- [Exercise details]
Copy every entry as is. Leave images out.

(Data shown Opens)

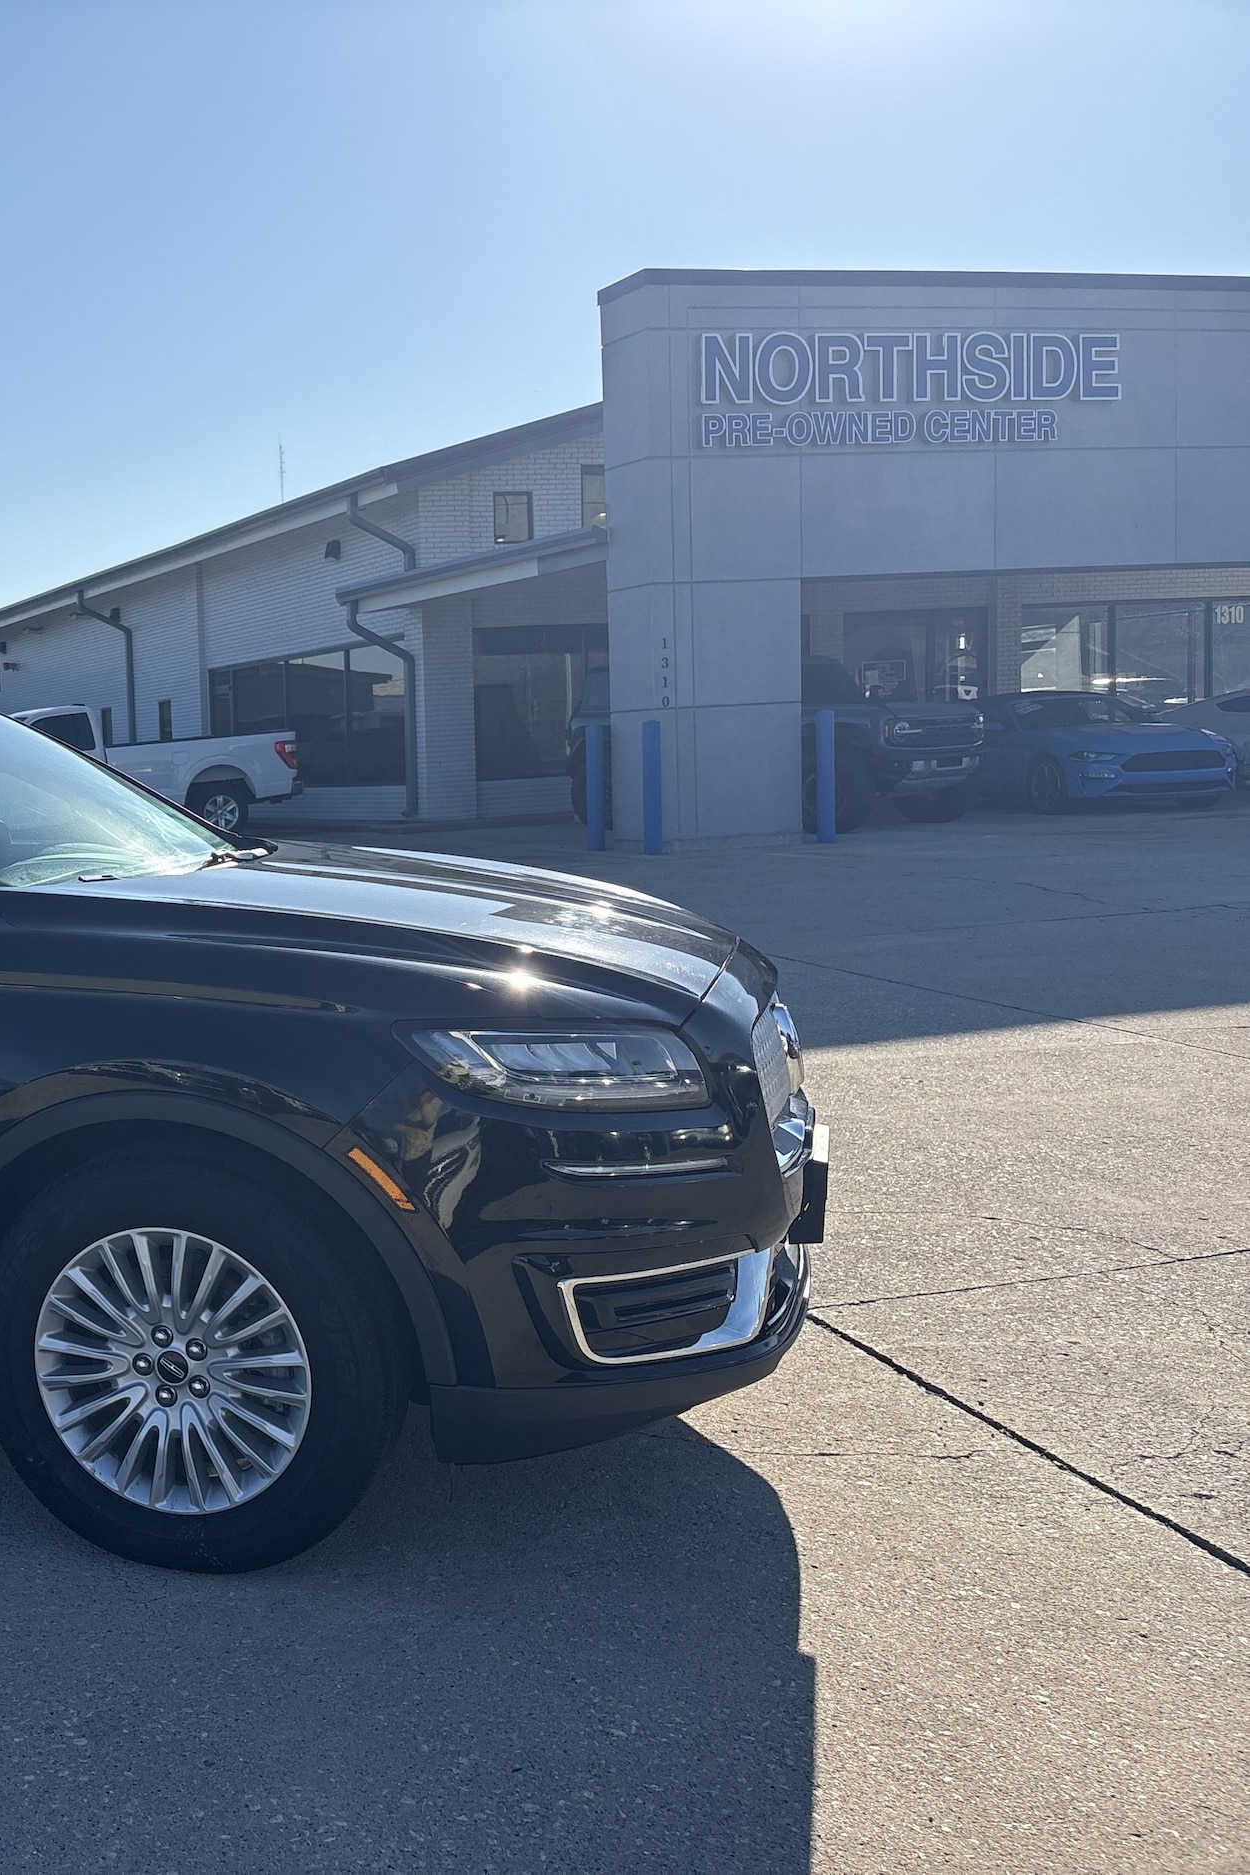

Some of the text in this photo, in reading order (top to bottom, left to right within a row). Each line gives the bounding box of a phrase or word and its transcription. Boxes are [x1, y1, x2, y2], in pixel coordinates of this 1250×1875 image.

[701, 331, 1122, 405] NORTHSIDE
[702, 409, 1058, 447] PRE-OWNED CENTER
[1215, 605, 1244, 624] 1310
[661, 637, 670, 707] 1310
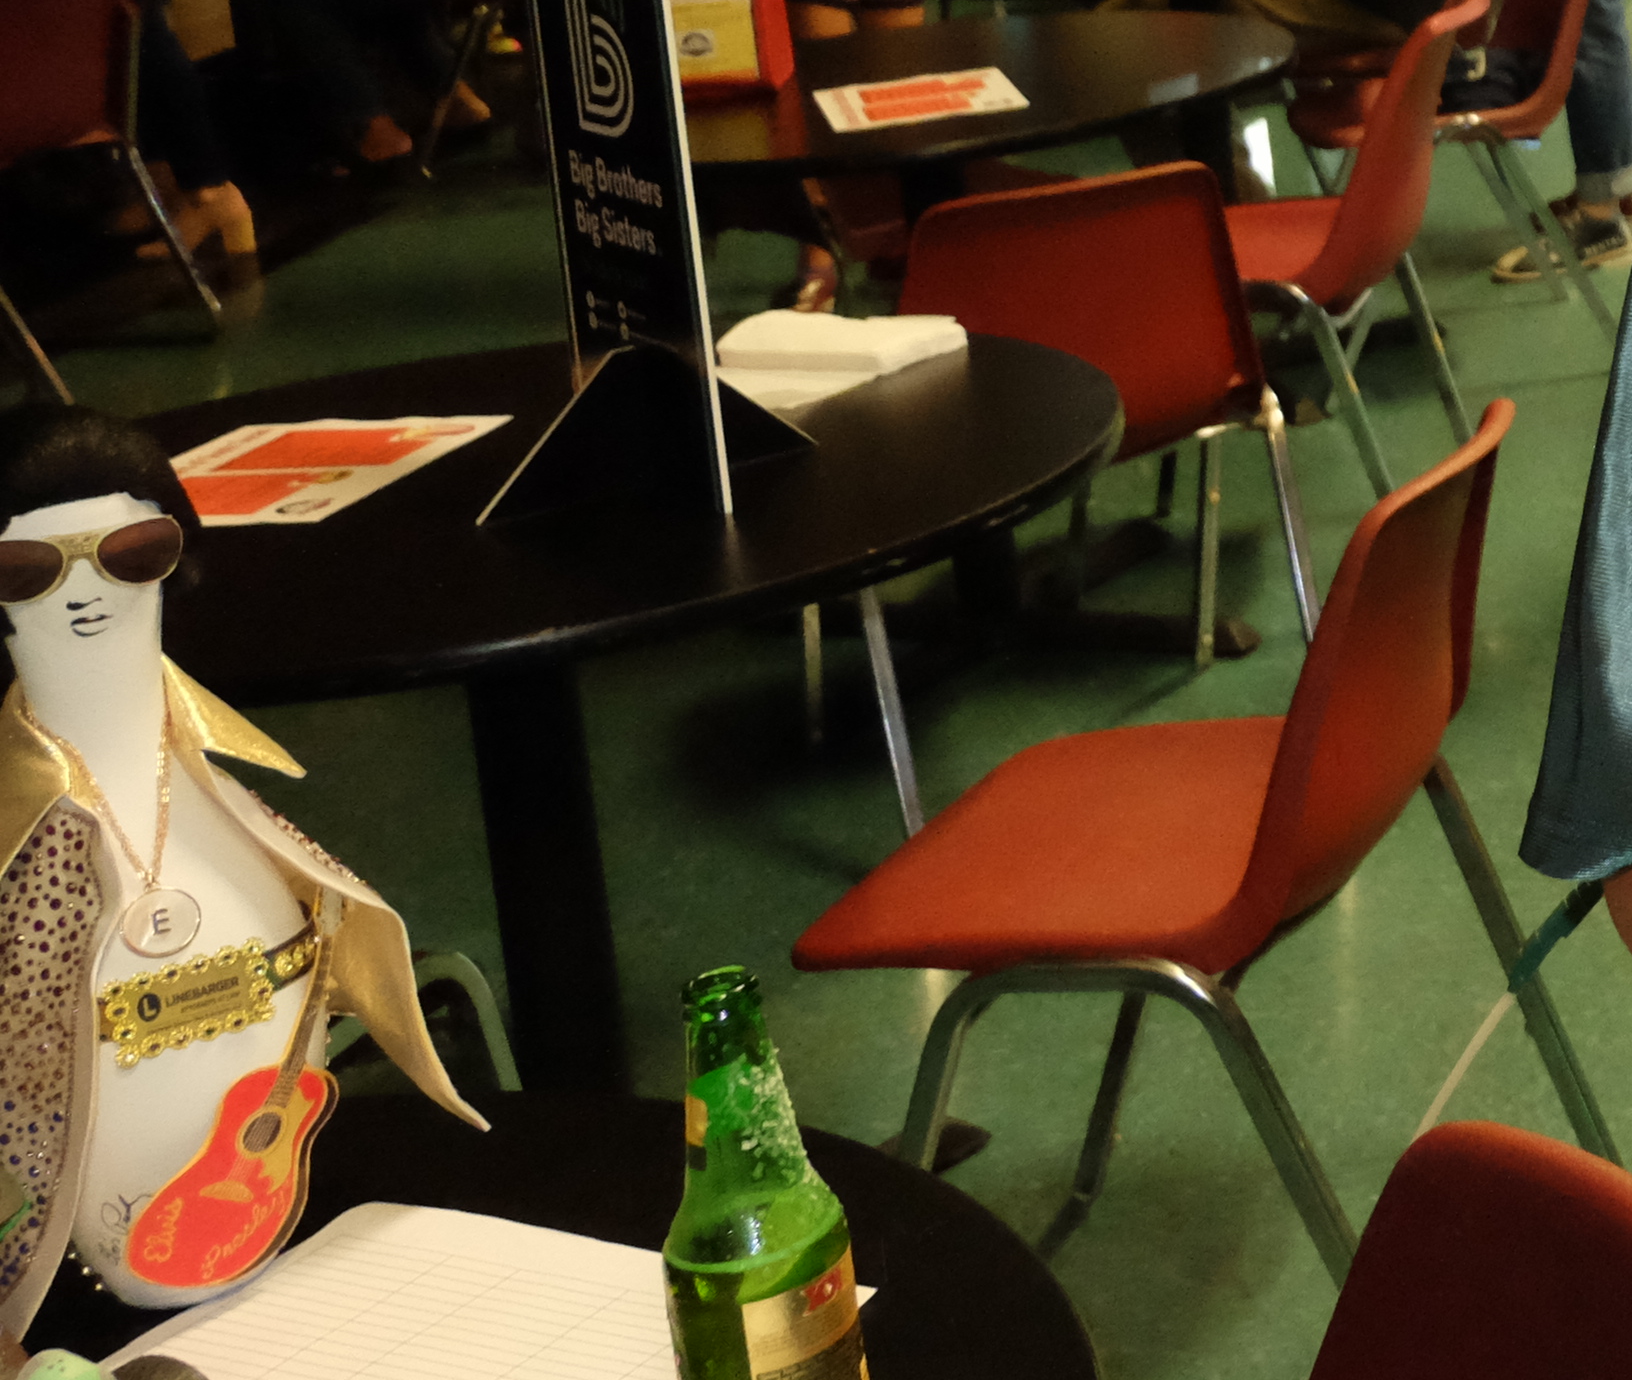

(Data shown Closes)

- [Solution below]
Some of the text in this photo, in reading order (top to bottom, left to right within a row). Each line gives the bounding box of a phrase or word and its transcription. Boxes are [x1, y1, x2, y2], in pixel coordinates of this 1250×1875 image.

[701, 331, 1122, 405] NORTHSIDE
[702, 409, 1058, 447] PRE-OWNED CENTER
[1215, 605, 1244, 624] 1310
[661, 637, 670, 707] 1310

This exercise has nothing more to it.